The height of a massage table is usually only adjusted when different therapists are using the same massage table, or if you have a client that is outside the average size you normally treat. So for example, if someone with a lot of body depth comes for a treatment after an average size person, you may need to adjust the height a notch or two.

You should be able to adjust the height of a massage table in just 2-3 minutes. Even though you mightn't adjust the height very often, the faster the better when you do have to!

There are 2 types of height adjustment mechanisms found on modern massage tables.

1) Twisting knobs (found only on wooden massage tables):

If you are working with a wooden massage table, it is better to have two knobs on each of the four legs for greater strength and reliability. When buying online, make sure to check how many knobs are on the legs. Cheap massage tables often only have one knob, and when you raise the legs to the highest heights they are less stable and have been known to snap.

2) Telescopic push-buttons (found only on aluminium massage tables):

The mechanism to adjust the height of an aluminium massage table is much the same as the push-button method on aluminium crutches. It only takes a few seconds to adjust each leg, and the mechanism is very reliable. Check out the video to see how it’s done.

 

Massage Table Shape:

The following are the different shapes of massage tables on the market.

1. Rectangle shaped with square corners 

This is the traditional shape of a massage table and the one you are probably familiar with seeing. Our Combi-lite 3 in 1 and Affinity Portaflex are shaped like this.

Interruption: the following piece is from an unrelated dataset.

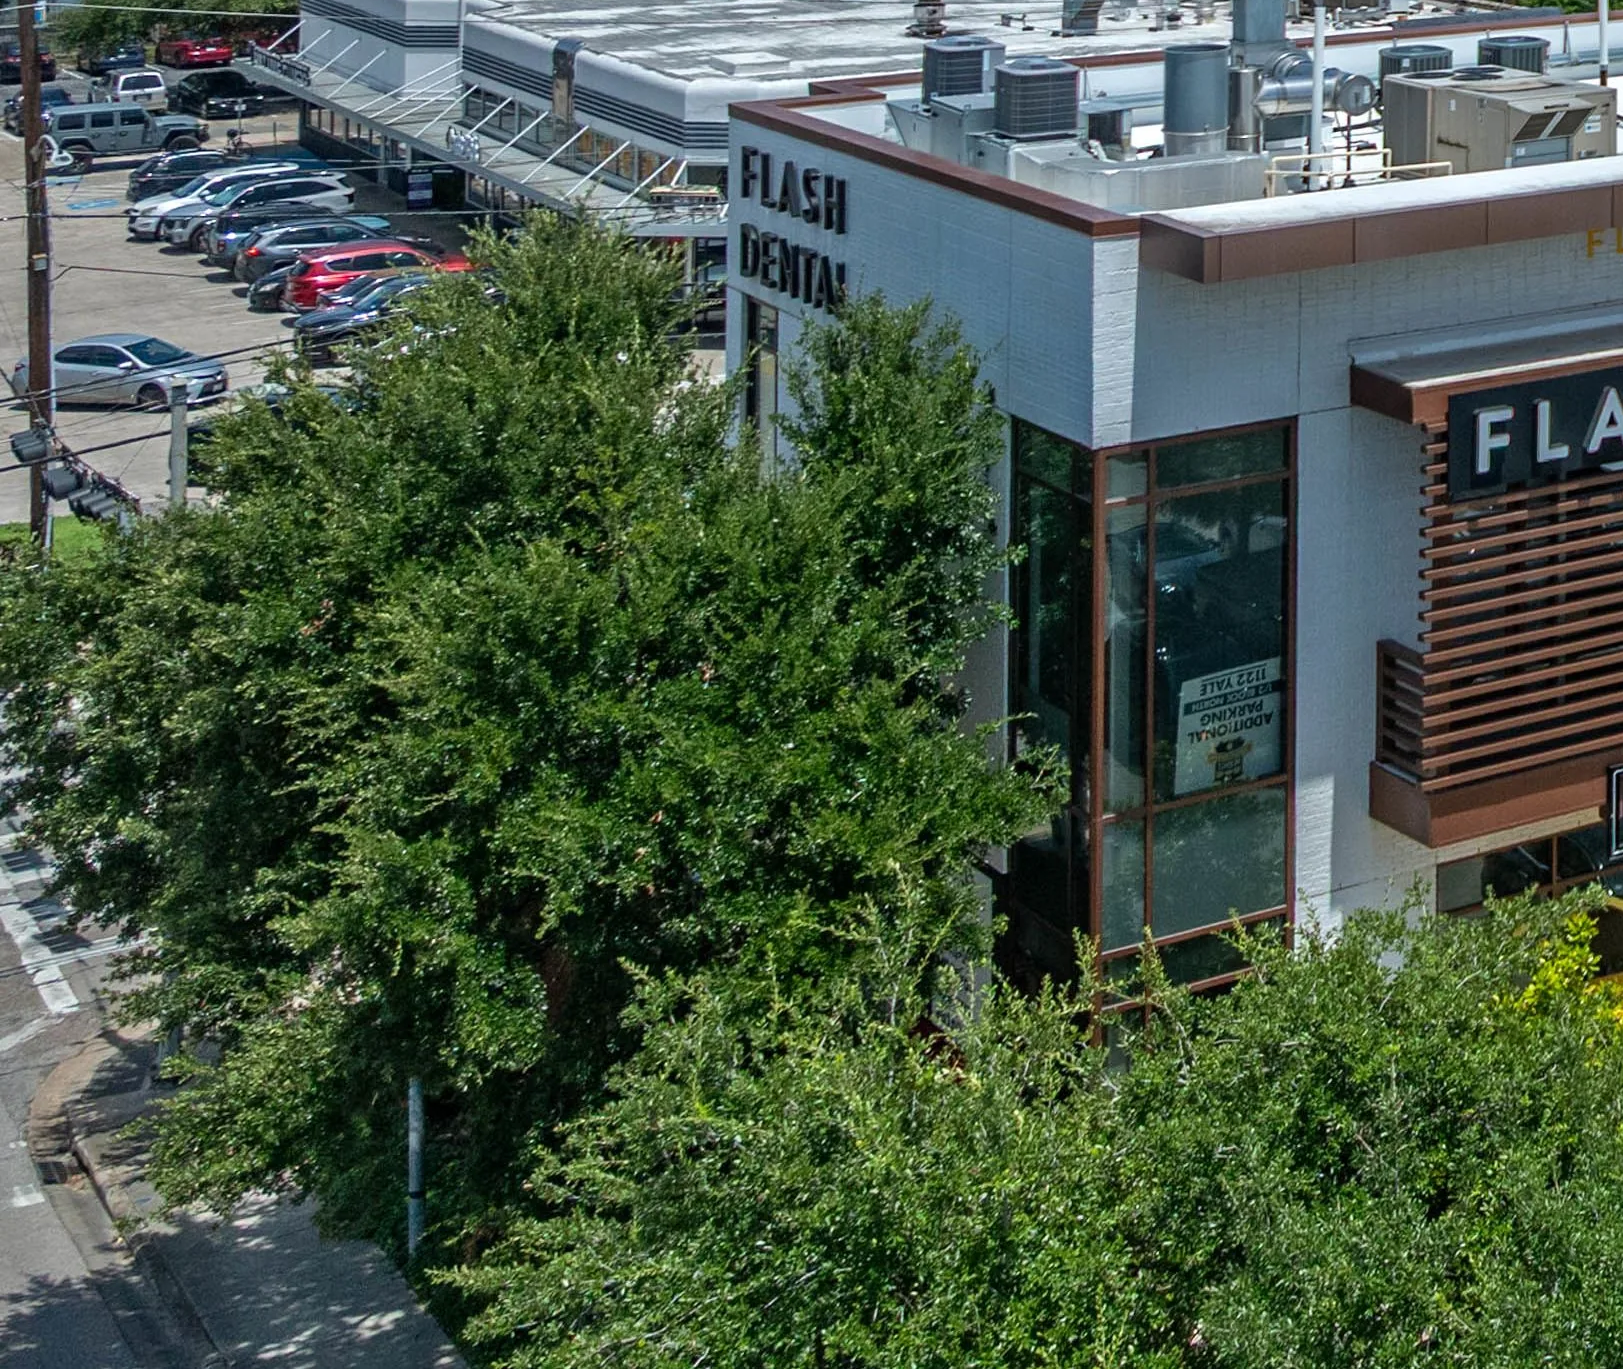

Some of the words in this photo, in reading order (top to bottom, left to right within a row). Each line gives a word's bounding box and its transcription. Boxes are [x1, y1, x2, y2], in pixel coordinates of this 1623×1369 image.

2. Rectangle shaped with rounded corners

Same as no 1 above in every way except the corners are rounded. Does not affect function in any way, just a different design/look.

 

3. Hour glass shaped with gradual gradient 

A fabulous massage table innovation in recent years, which solves a lot of the problems around choosing the correct width is the hourglass shaped massage table.


This style of massage table is wider at the ends, and tapers somewhat at the middle. This provide a spacious and comfortable experience for your client (as the shoulder and feet area are 30 inches wide) without compromising your own posture and health, as the middle of the couch where you lean over is a much narrower 26 inches wide.Having recently upgraded to one of these hourglass massage tables myself, I can vouch that my working days are much more comfortable, and many of my clients have commented on the extra comfort from the wider shoulder area.

 

4. Hour glass shaped with sharp gradient
Same as point above but instead of the it gradually going from wide to narrow, the massage table changes quickly from normal width to narrow width so people of very short stature can get in close.
5. Oval Shaped

 The name says it all! There are no corners on the massage table. Therapists normally choose this for one of two reasons. They simply like the look of this massage table and it is aesthetically more pleasing in their treatment room and/or they find it easier to move around the massage table during the treatment without having to side step the corners. This is particularly handy when space is limited in your treatment room.